Fig. 1 Plausible biological pathways linking fine particulate matter exposure with chronic kidney disease (CKD). The 6 generalized intermediary pathways and the subsequent specific biological responses that could be capable of instigating CKD events are shown. eGFR estimated glomerular filtration rate, PI3K phosphatidylinositol-3-kinase, Akt protein kinase B, mTOR mammalian target of rapamycin, FGF fibroblast growth factor, FGFRs fibroblast growth factor receptors, MAPK mitogen-activated protein kinase, VEGF vascular endothelial growth factor, JAK Janus kinase, STAS spread through air spaces, Bax Bcl-2 associated X, Bcl-2 B cell lymphoma-2, LC3 light chain 3, TNFRs tumor necrosis factor receptors, TACE TNF-α converting enzyme, NF-κB nuclear factor kappa-B, IκB inhibitor of NF-κB, IL-18 Interleukin-18, COX2 cyclooxygenase 2, ROS reactive oxygen species, iRhom2 inactive rhomboid protein 2, Ang II angiotensin II, SOD seminal plasma enzymes, GCLC glutamate-cysteine ligase catalytic, GSR glutathione reductase, TAC total antioxidant capacity, GSH glutathione, MDA malondialdehyde, Nrf2 nuclear factor-erythroid 2-related factor 2, RAGE advanced glycation end, IFN interferon, PLA2R phospholipase A2 receptor
Vascular Injury PM2.5 may induce endothelial injury through systemic inflammation, oxidative stress, and atherosclerosis, resulting in glomerulosclerosis, tubular atrophy, and tubulointerstitial fibrosis, and eventually chronic kidney diseases (Rui et al. 2016; Bo et al. 2016; Liang et al. 2019). Previous studies have shown that the diesel exhaust particulate (DEP) is the main source of PM2.5 and ultrafine particles found in cities (Cho et al. 2004; Pérez et al. 2008). Exposure to DEP aggravates renal vascular injury in the CKD rats induced by adenine, resulting in tubular dilatation, tubular necrosis, tubular type, and decreased renal blood flow (RBF) (Nemmar et al. 2009). AngII can induce endothelial injury by activating NADPH oxidase system (Niazi et al. 2017). After intratracheal instillation of PM2.5, increasing levels of circulating AngII are observed in rats, which may be due to the activation of the branches of IRE1 α/XBP1s on the unfolded protein-reactive (UPR) (Xu et al. 2017).

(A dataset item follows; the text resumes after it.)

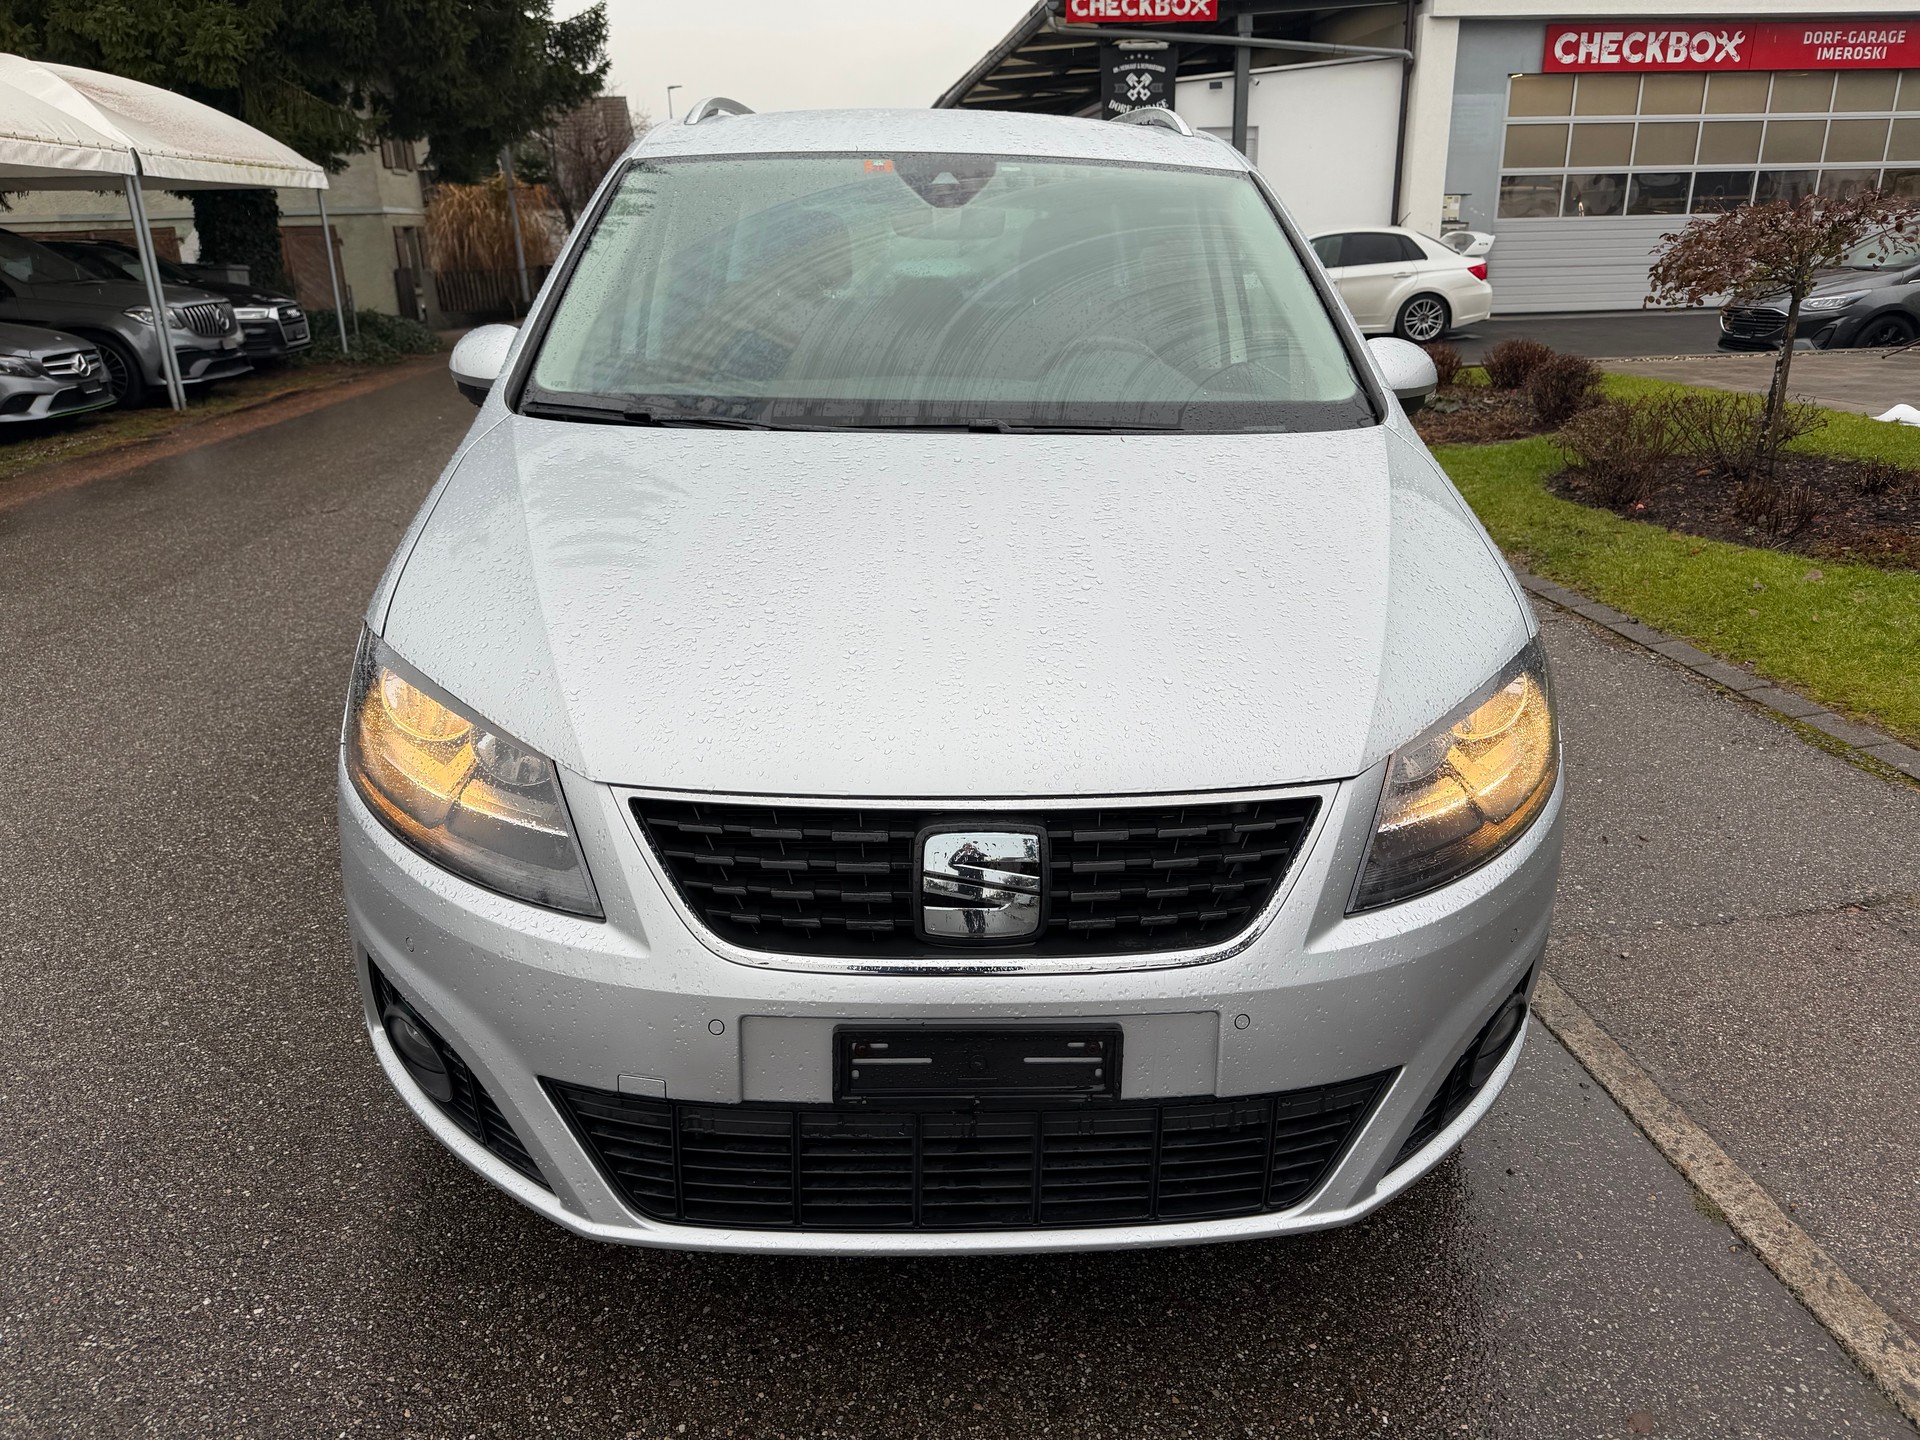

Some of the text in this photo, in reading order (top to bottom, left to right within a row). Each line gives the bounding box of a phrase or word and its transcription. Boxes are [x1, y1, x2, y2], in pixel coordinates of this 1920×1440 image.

Immune Response Previous studies have shown that environmental pollution may break the immune balance and increase the incidence of chronic diseases (Lee and Lawrence 2018). Some of the autoimmune responses have an important role in the occurrence of a series of nephritis (Clynes et al. 1998; Chang et al. 2011; Lau et al. 2010). Idiopathic membranous nephropathy is also an autoimmune disease charac- terized by the formation of circulating autoantibodies against secretory phospholipase A2 receptor (PLA2R) (Beck Jr. et al. 2009). Existing studies have shown that exposure to fine particles can promote the formation of autoantibodies and immune complexes (Brown et al. 2003, 2004; Pfau et al. 2004). The deposition of IgG immune complexes has been found in the kidneys of C57Bl/6 mice after exposure to fine particles, while the presence of abnormal glomeruli and tubules suggested the occurrence of glomerulonephritis (Pfau et al. 2008).

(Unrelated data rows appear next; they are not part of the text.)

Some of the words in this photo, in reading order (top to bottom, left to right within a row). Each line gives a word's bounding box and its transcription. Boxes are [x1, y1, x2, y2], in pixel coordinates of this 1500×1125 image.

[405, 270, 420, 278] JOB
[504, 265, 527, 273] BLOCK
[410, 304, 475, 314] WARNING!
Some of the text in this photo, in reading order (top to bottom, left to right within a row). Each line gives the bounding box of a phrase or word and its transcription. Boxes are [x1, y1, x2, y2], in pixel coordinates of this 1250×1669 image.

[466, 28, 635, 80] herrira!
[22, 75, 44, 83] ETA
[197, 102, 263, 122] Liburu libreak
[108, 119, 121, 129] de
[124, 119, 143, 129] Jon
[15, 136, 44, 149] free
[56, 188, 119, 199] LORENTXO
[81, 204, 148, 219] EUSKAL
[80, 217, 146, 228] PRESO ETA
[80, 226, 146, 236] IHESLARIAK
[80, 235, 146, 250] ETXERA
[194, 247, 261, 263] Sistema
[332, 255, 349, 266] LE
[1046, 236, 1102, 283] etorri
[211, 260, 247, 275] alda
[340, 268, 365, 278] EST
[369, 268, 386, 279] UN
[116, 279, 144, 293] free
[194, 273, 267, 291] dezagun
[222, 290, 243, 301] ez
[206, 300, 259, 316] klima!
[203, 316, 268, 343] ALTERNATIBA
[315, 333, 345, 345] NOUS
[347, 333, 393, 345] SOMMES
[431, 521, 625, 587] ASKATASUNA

Cell Apoptosis and Autophagy Cell apoptosis and autophagy can be induced by PM2.5-exposure (Wang et al. 2017a, b; Ding et al. 2017). The activation of PI3K- Akt/mTOR signaling pathway, FGF/FGFR/MAPK/VEGF signaling pathway, and JAK-STAT signaling pathway can be promoted by PM2.5, which induces the cell apoptosis and autophagy (Zheng et al. 2017; Wang et al. 2016). A recent study has revealed that the sections of renal tissue from the C57BL/6 mice and the 293 T cells exposed to the Arsenic(As) or SO2 show severe diffuse sclerosing glomerulonephritis. Meanwhile, it has also been found the key members of Caspase family, and the expression of Bax, the indicator of Caspase Pathway, are up-regulated in the 293 T cells, while the expression of Bcl-2 is down-regulated (Ji et al. 2019). It has been reported that a large amount of Cd2+ accumulation is found in the kidneys of residents living near industrial areas. Cd2+ can significantly reduce the survival rate of renal tubular epithelial cells (HK2) and have a key role in renal injury (Kuang 2018; Thomaidis et al. 2003). The increase of LC3-II and the decrease of p62, which are both markers of cell autophagy, can be observed in the renal tubular ductal epithelial cells (NRK-52E) from the rats exposed to Cadmium for 1 h. This suggests that the short-term exposure to cadmium can rapidly activate cell autophagy and thereby counteract the damage (Lee et al. 2017).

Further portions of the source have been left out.